If this tool is used to validate agent behavior post-update, these improvements may also help:
-
Custom Activity Profiles: Load activity instructions from a config file (YAML/JSON) to simulate varied test scenarios across runs.
-
Timestamp Jitter/Delay Injection: Simulate real world delays in logging or activity to test how EDR agents handle imperfect timing.
-
Replay Mode: Save & re-run exact sequences of generated activity to help reproduce regressions from real test cases.
-
Telemetry Schema Validator: Lightweight JSON schema checks to flag missing or incorrect fields in generated logs, useful during pipeline validation.
-
UUID Per Simulation UUID per simulation run so you could automate correlation across EDR logs. We could make these Proquints as a scheme so that they're human readable and easier to parse and work with.
Several advanced features (Windows support, EDR validation logic) were deferred to focus on delivering a clear and reviewable MVP. Each planned feature reflects either specific feedback or practical considerations for future-proofing the tool.

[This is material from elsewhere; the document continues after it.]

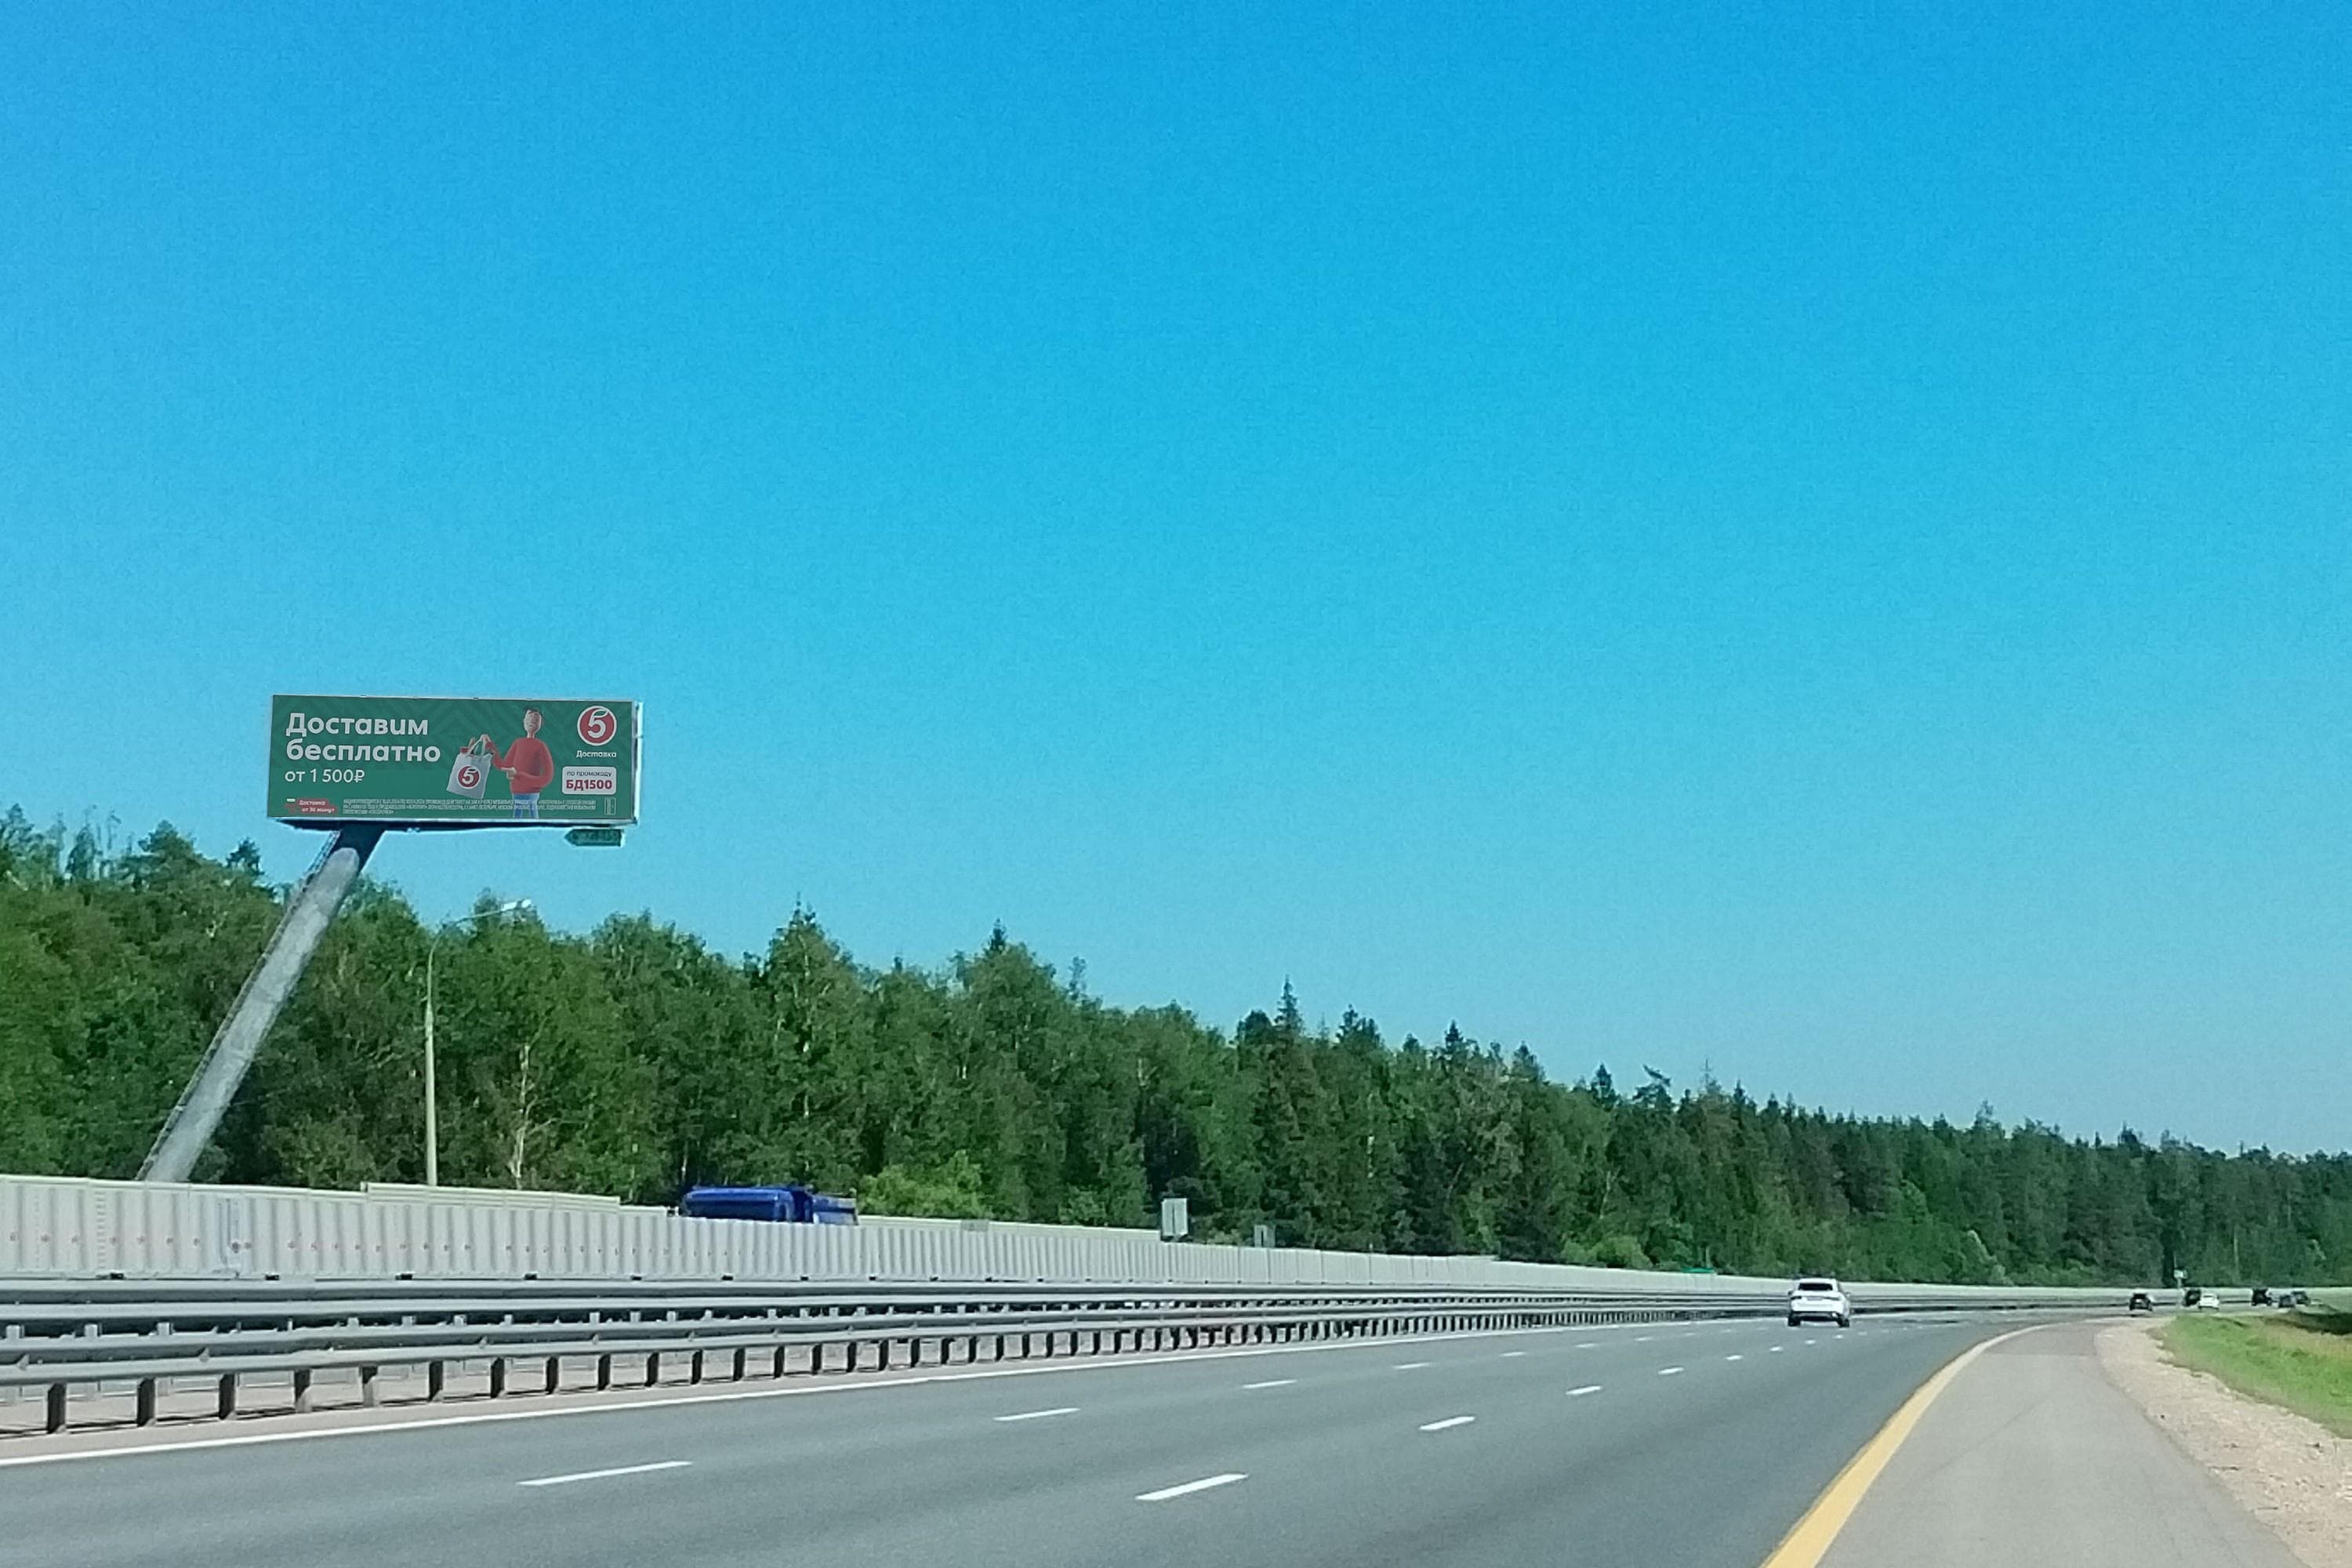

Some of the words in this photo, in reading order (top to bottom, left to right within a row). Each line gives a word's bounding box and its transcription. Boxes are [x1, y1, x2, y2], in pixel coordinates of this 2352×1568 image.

[285, 713, 428, 737] Доставим
[286, 738, 441, 762] бесплатно
[285, 771, 305, 782] от
[566, 779, 612, 790] БД1500

During development, one key question emerged: Should failed process executions (typos or invalid commands) still generate a telemetry log?
Currently, the tool throws an error and does not log the process if it exits with a non-zero status. This keeps CLI feedback immediate and clear for users running simulations interactively.

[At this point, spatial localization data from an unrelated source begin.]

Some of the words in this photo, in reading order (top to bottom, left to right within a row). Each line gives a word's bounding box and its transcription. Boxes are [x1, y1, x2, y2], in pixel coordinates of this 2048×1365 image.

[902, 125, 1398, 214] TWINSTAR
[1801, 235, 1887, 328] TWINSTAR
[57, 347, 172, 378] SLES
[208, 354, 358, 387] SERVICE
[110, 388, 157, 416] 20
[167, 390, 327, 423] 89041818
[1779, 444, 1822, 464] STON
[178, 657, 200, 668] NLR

However, I can imagine in real world EDR scenarios, even failed processes may be logged, especially if they were launched and exited quickly. Capturing that metadata could improve correlation between generated and observed activity.
This tradeoff was discovered late in the development cycle, so no change was made. That said, it’s a well-scoped improvement for future versions might by introducing a --log-on-failure flag that records process metadata regardless of exit status.